With each stab, Dean tried to erase the words that the demon had said to him. With each stab he screamed in his head, Demons lie! Demons lie! He couldn't accept that Alis—No. He wasn't coming. It was a lie. Why would he come? How could he? He was trapped in the bowels of Hell just like Dean had been. No way he clawed himself out that fast. No way. Unless… Unless he was released. Released to retrieve a wayward student. Dean kept stabbing as every fear surfaced in his head.

It wasn't until Sam grabbed Dean's knife hand and wrenched it free, while Booth pulled him off of the mangled corpse underneath him, that Dean was able to jerk himself out of his own mind.

That's when he heard Sam's voice yelling at him. He looked up at his brother, bewildered and lost.

"Dean," Sam's voice was softer now. "Dean it's over. Relax." At his brother's command, Dean sank into Booth's grip. His arms felt like lead and his chest was pounding so hard he was almost certain everyone around him could hear it. He was practically lying on top of the FBI agent whose arms were wrapped tightly across his torso, pinning Dean's arms to his chest.

Booth released the elder Winchester from his grip, and Dean clambered off of the FBI agent. Slowly standing, Booth retreated to where Sam stood, hands open and eyes full of tears at the sight of his traumatized brother.

Dean scrambled backwards on his hands until his back was flushed with the wall of Brennan's office.
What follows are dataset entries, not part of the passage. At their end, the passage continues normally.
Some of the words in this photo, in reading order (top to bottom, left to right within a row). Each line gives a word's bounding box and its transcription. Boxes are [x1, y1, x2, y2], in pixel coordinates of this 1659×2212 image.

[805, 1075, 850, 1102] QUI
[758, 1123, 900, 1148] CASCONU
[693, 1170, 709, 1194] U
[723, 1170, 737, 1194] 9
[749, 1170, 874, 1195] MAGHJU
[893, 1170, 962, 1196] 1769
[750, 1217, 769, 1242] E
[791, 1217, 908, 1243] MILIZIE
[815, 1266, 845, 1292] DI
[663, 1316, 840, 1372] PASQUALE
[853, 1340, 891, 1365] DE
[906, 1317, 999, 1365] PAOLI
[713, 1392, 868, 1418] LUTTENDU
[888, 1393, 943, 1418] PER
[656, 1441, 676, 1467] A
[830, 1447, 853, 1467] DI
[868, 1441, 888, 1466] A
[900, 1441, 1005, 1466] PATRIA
He had to get away from it. As far away as he could from it. He could feel the drying blood, hot and sticky, on his hands. They had left a macabre trail to where he now sat, gasping strained breaths. He desperately tried to wipe the blood off on his jeans, but it stubbornly stuck to his fingers like a stain.

Sam took cautious steps towards his brother, drooping his shoulders and curling in on himself to try to make himself look smaller. Dean recognized the motion from when Sam would talk to victims of the monsters they would hunt. With Sam's gargantuan build, he was more than a little intimidating, especially to someone who was traumatized. It made Dean even more uneasy that Sam felt the need to replicate that behavior towards him.
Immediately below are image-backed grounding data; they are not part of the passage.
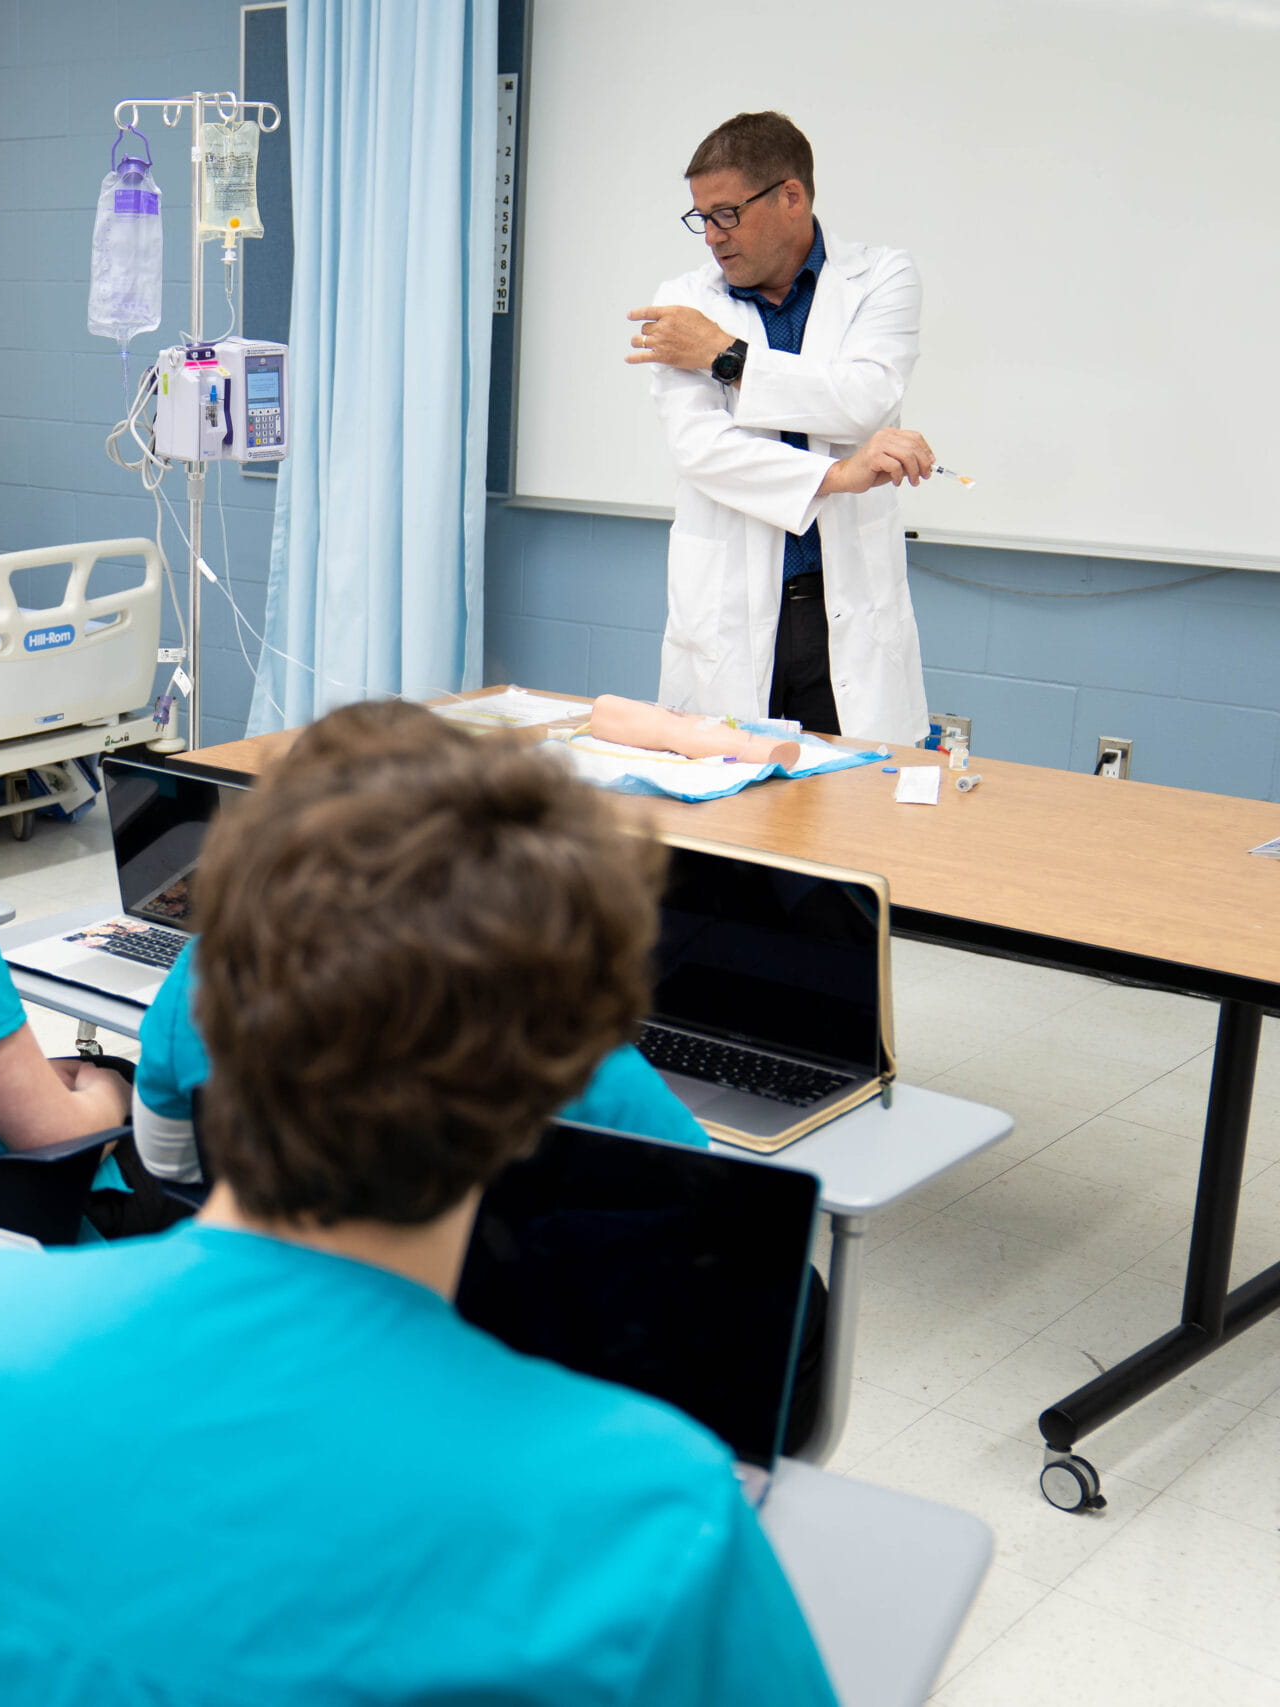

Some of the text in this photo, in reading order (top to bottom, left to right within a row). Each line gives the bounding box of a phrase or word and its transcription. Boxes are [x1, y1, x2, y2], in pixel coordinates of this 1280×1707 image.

[507, 115, 512, 125] 1
[505, 146, 511, 156] 2
[504, 174, 510, 185] 3
[503, 195, 509, 205] 4
[503, 211, 509, 221] 5
[502, 224, 508, 234] 6
[501, 244, 508, 254] 7
[500, 259, 507, 270] 8
[500, 276, 506, 286] 9
[497, 288, 507, 298] 10
[496, 300, 506, 311] 11
[29, 631, 71, 647] Hill-Rom
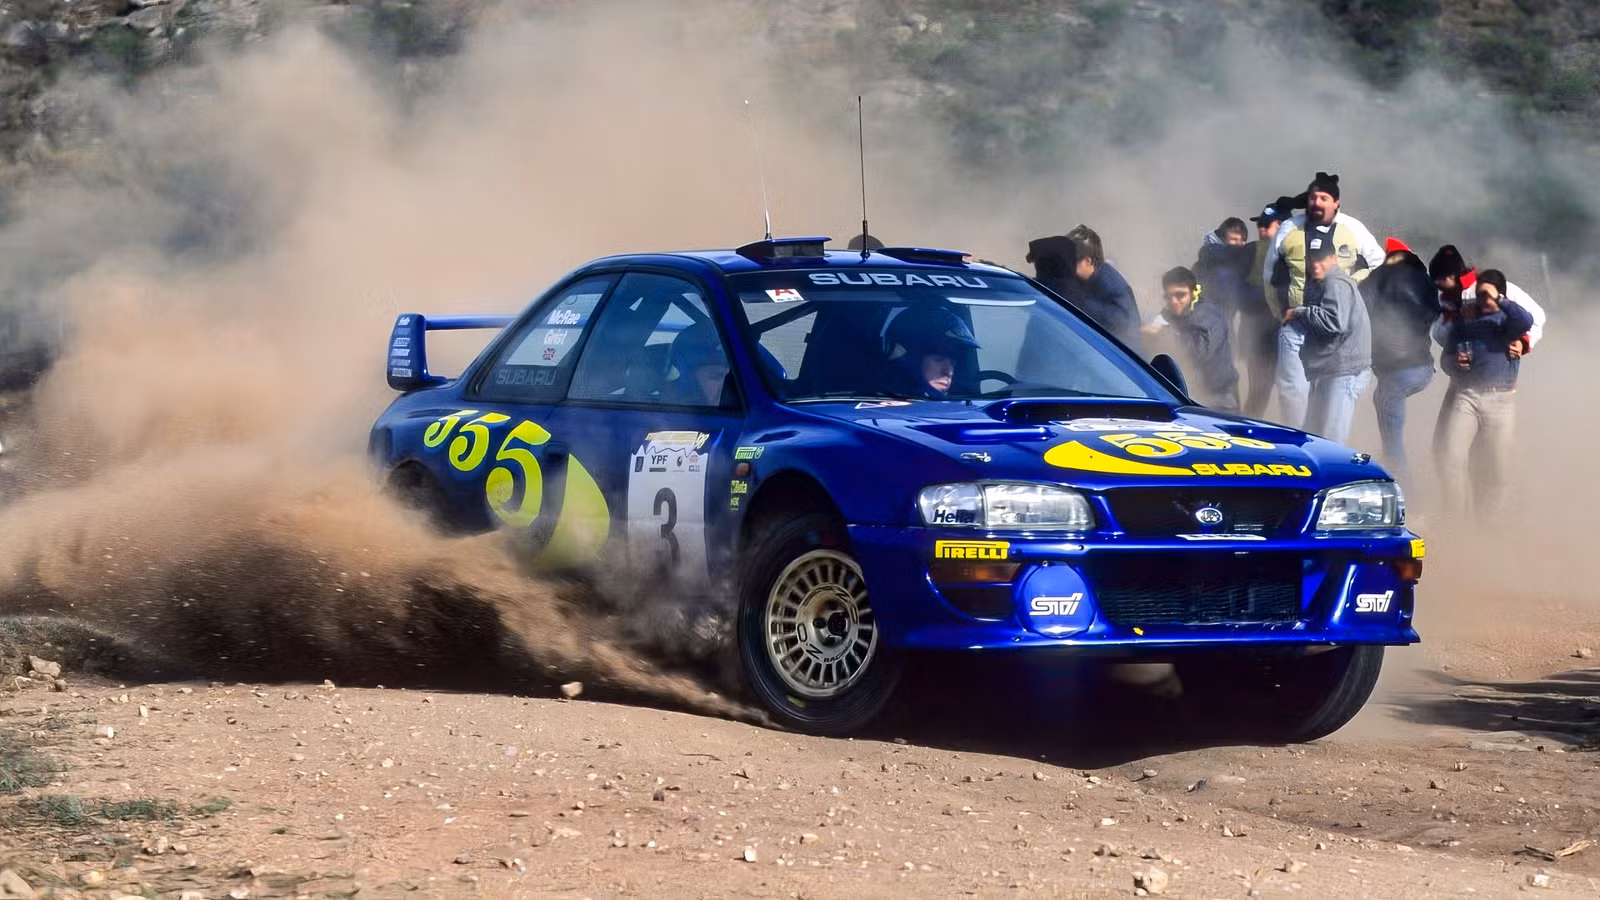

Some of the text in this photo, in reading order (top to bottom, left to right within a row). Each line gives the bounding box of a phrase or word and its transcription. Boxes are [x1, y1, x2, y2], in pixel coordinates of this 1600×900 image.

[809, 273, 988, 289] SUBARU
[547, 310, 581, 325] McRae
[496, 369, 556, 386] SUBARU
[651, 455, 668, 465] YPF
[424, 410, 552, 528] 555
[1192, 462, 1312, 477] SUBARU
[933, 509, 976, 524] Hella
[653, 488, 680, 567] 3
[935, 540, 1010, 560] PIRELLI
"I'm not some traumatized civy, Sam," Dean growled in annoyance. "You don't have to look like you're walking on eggshells. I'm fine."

Sam's face scrunched in disbelief. Dean knew that he didn't buy it, but luckily Sam didn't push. He just knelt down next to his brother, gave him a short appraisal, and then held his hand out to help Dean up.
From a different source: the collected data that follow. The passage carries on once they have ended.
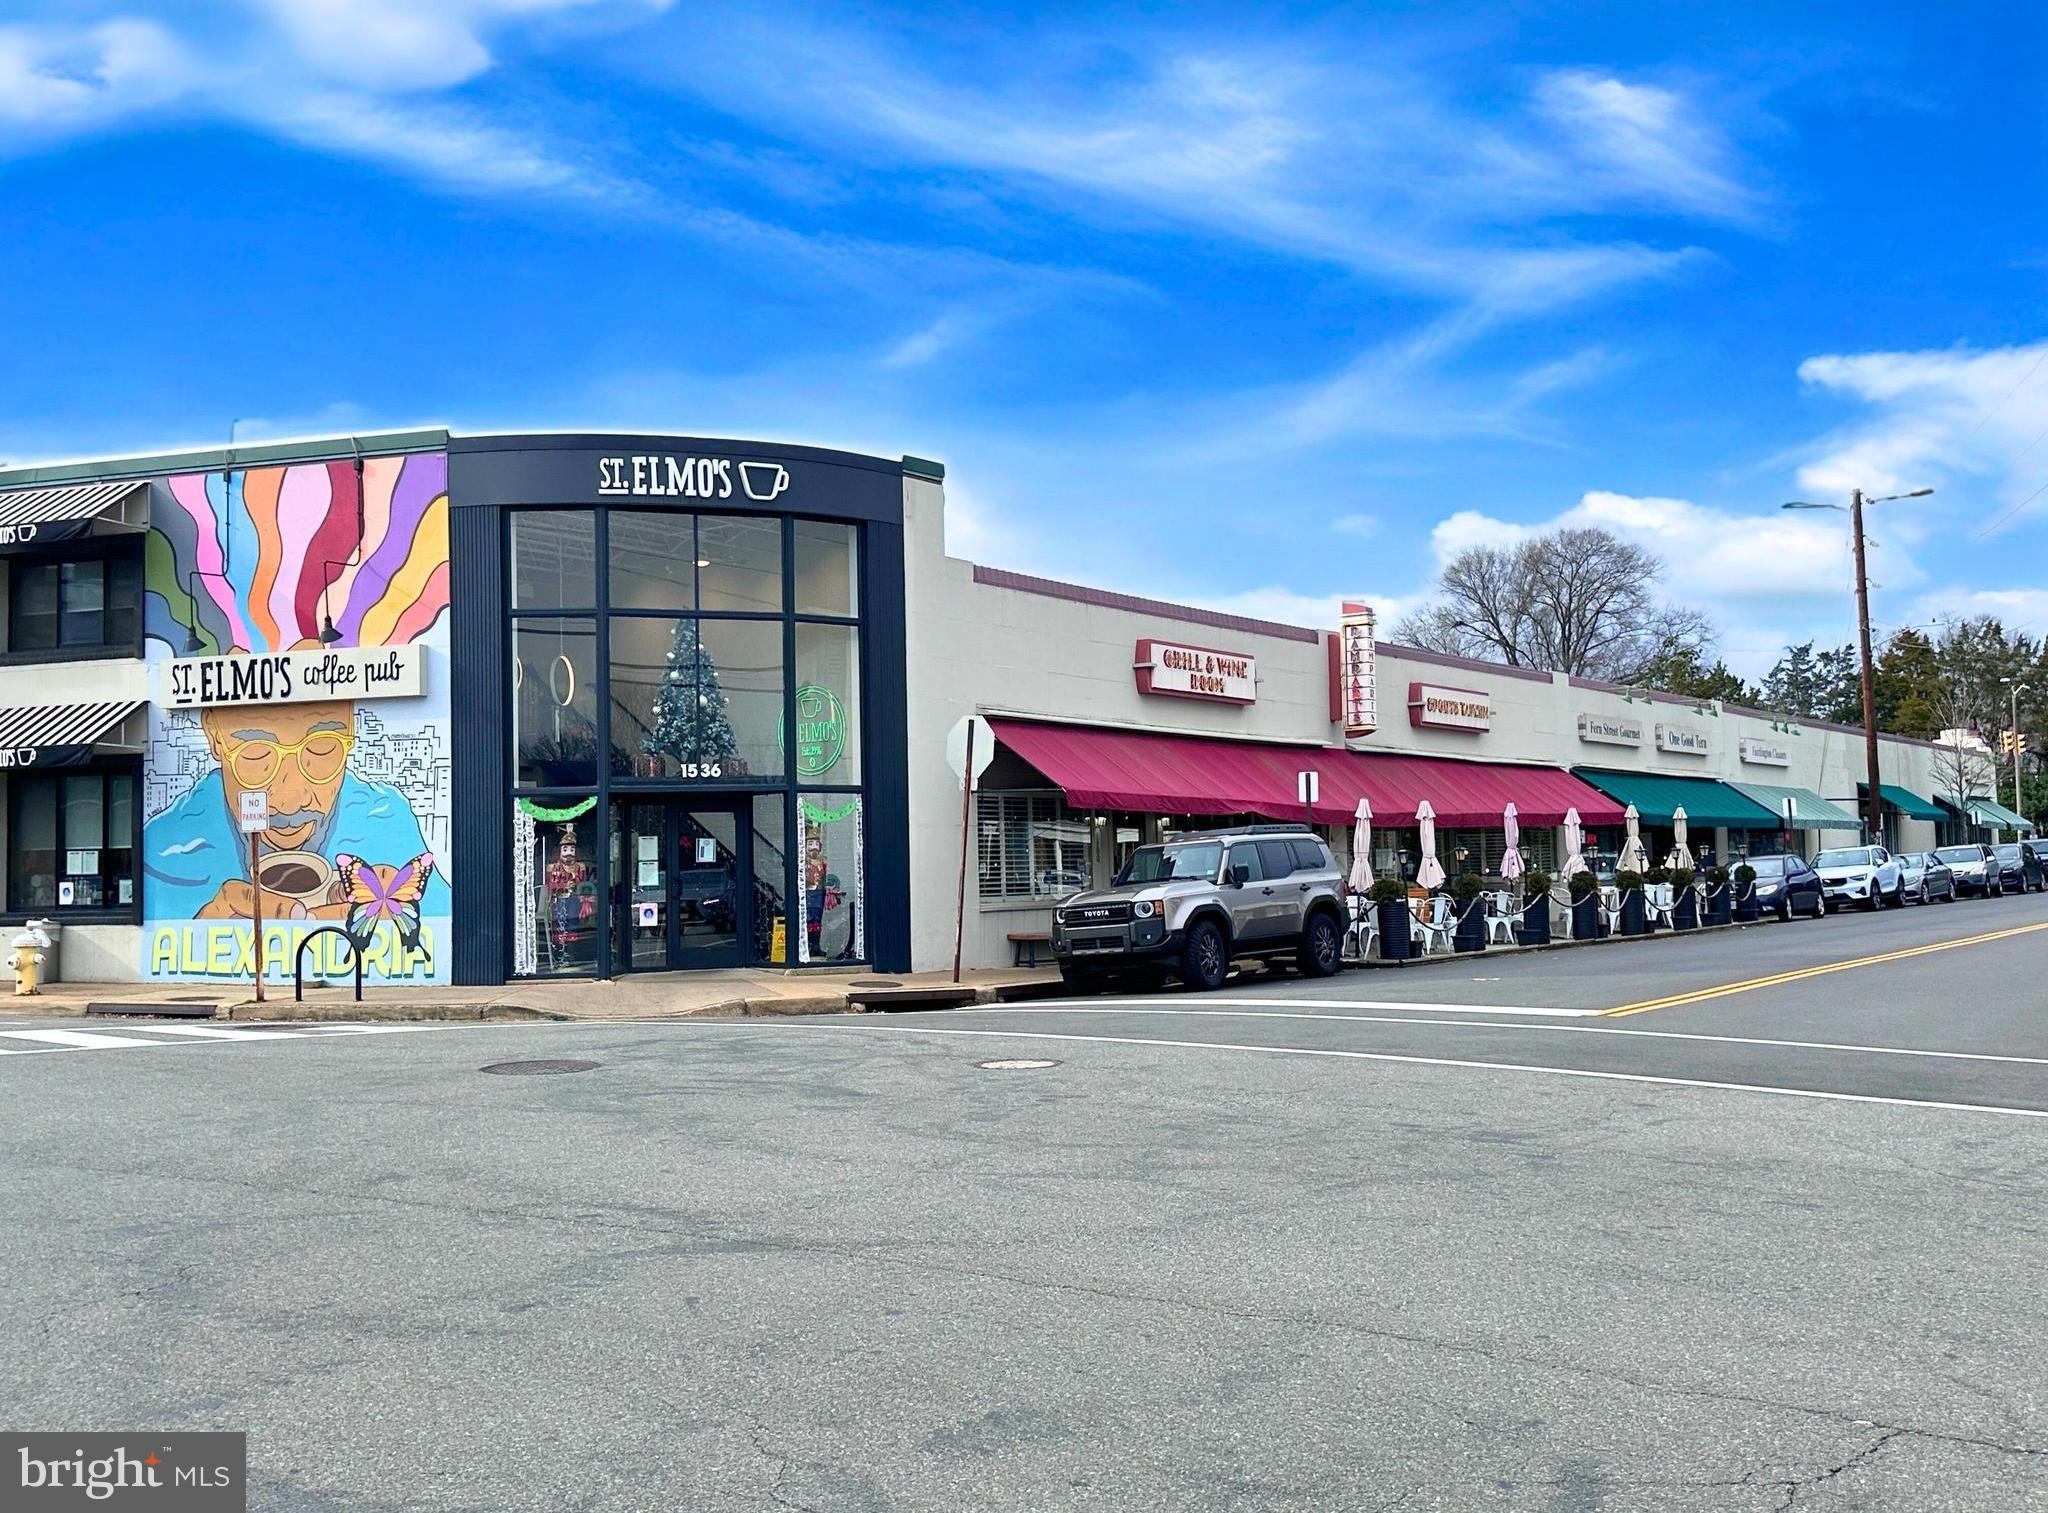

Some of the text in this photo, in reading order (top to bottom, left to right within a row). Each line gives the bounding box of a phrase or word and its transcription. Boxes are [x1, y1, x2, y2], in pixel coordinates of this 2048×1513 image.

[599, 456, 733, 498] ST. ELMO'S
[1163, 649, 1247, 679] GRILL & WINE
[1368, 626, 1376, 721] RAMPARTS
[172, 651, 404, 704] ST. ELMO'S coffee pub
[1190, 673, 1224, 693] ROOM
[799, 721, 837, 742] ELMO'S
[1668, 731, 1707, 749] One Good Tern
[248, 799, 259, 808] NO
[242, 813, 266, 821] PARKING
[151, 926, 435, 979] ALEXANDRIA
Dean paused for a moment and pondered on what it would mean for him to pass the stain of the literal blood on his hands to his brother, but shook the melancholy from his head. Grabbing hold of Sam's hand, Dean lifted himself off of the floor. He dusted himself off and looked between Sam and Booth for a moment.

Movement behind him made Dean turn. Brennan, Angela, and Cam were gathered near the doorway to Brennan's office. Their eyes were wide, but for some reason Dean didn't think they looked like that because of the demon.

Sighing, Dean turned towards Sam and Booth who were looking at him expectantly.

Breaking the silence, Sam said, "Dean what did he mean about Alistair?"

A shiver ran up Dean's spine at the mention of the demon's name. Whether it was a shiver of fear or elated anticipation, Dean wasn't sure.

"All I can say is," Dean said slowly, pausing to look around at the people who he would now have to try to protect against a monster he couldn't face. "We're all screwed."